Do you realize that this company does more testing and more rigorous tests than other launch service provider?
One recent example is SpaceX doing the pad abort test, and a planned in-flight abort test for their Dragon 2 capsule, while Boeing is doing their testing on paper.
I don't think that's completely accurate. While Boeing is not going to do an in-flight abort test, they will be doing a pad abort test in October 2017. A technical demonstration of the abort system was one of the requirements of the requirements of the Commercial Crew Transport program.
> When a Formula 1 car catches fire in the pits, do we call a halt to pressurised fuelling, or find ways to improve the safety of fuelling?
this isn't a really good example because, yes, after a bunch of terrible fires, they did call a halt to fueling during races. you can't remove fuel, either.
If rocket failures were a Poisson process with a low rate, you'd expect to see some clustering by random chance. And if they're being watched by the media, you should expect to see people making much of it, whether or not there's a systemic problem.

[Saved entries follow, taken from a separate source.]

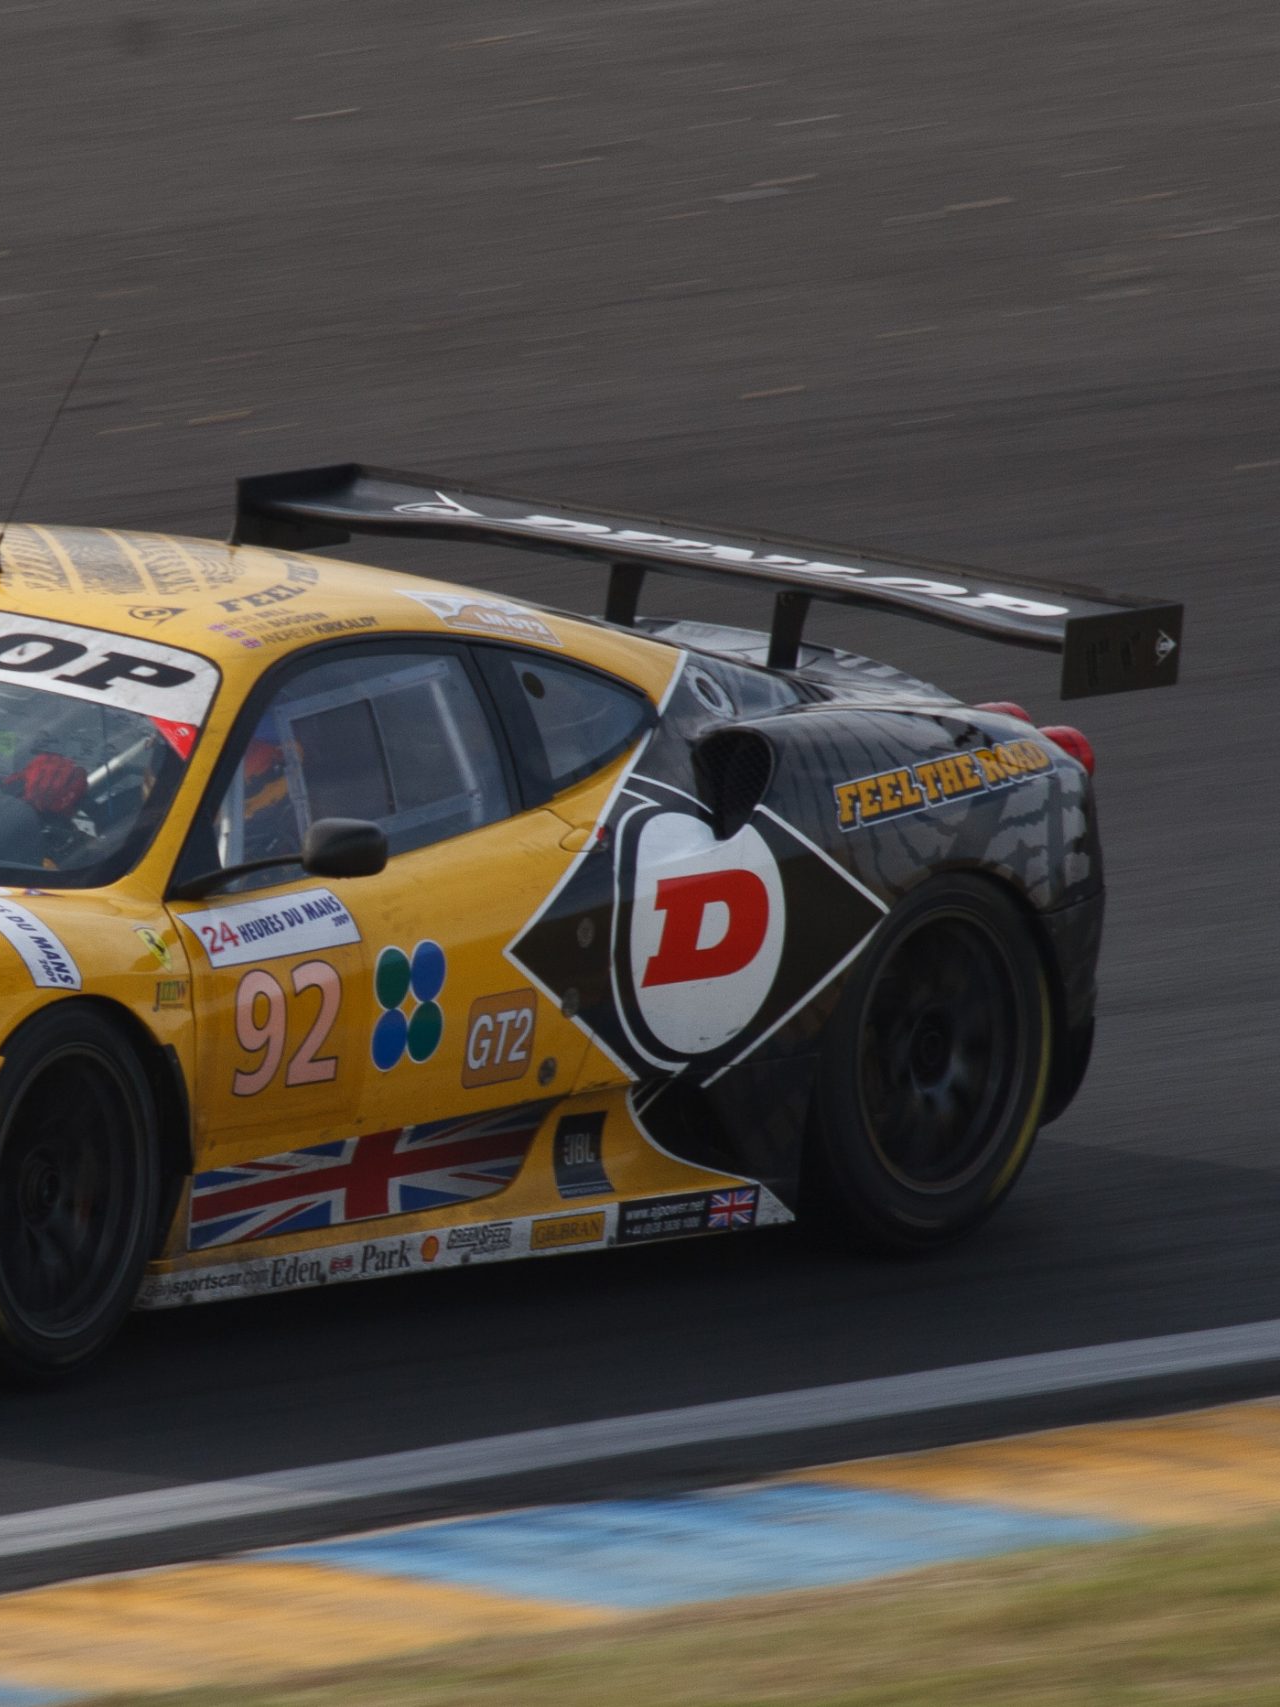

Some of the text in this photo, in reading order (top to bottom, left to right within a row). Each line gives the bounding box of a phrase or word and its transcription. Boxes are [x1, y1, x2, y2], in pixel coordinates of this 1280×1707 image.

[217, 584, 306, 613] FEEL
[501, 514, 1068, 617] DUNLOP
[835, 740, 1053, 826] FEEL THE ROAD
[5, 915, 38, 931] DU
[28, 935, 75, 984] MANS
[201, 896, 342, 954] 24 HEURES DU MANS
[641, 868, 769, 988] D
[231, 959, 342, 1098] 92
[467, 1007, 534, 1071] GT2
[563, 1132, 596, 1166] JBL
[270, 1239, 411, 1288] Eden Park

As with most news, I recommend waiting a decade and buying a history book.
Your assertion that there would be "some clustering by random chance" is correct, however rocket failures are most definitely not described well by a Poisson distribution. The simplest reasonable model would be to assume each launch campaign has a fixed probability of failure, and that the probability of any given failure event is independent of the others. In other words, a binomial distribution. And this is a commonly applied model, I've seen a number of people doing such calculations in the last few days.
However, these assumptions do not accurately reflect reality. When a failure occurs launches are stopped, the problem is identified, and the problem is fixed. A failure event should cause reliability to increase for subsequent launches; failures are not conditionally independent.

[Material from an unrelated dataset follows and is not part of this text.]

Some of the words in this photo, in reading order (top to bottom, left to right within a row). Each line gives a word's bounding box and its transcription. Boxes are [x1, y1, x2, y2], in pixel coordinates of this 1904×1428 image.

Yes, of course he is. Most people are not talented enough to run one company, let alone have the time. The primary thing that concerns me is I understand his rush.
As Tesla is rushing towards the Model 3, they remain largely without competition from other electric cars. From Musk's point of view, it's completely logical to press your lead. Very soon it will be extremely hard for gasoline-powered vehicles to compete - the relentless engineering of electronics has made its way to automobiles. Has any other vendor seriously evaluated a charging solution aside from Supercharger?
I wish I lived in a world where Elon had better pick one damn company to run, because the market to build electric cars was so overwhelmingly competitive. Or where the utilities were so ahead in renewal energy creation and storage that Tesla would be silly to also have to go through the insane trouble of building a battery factory. Or acquire a solar company, lol.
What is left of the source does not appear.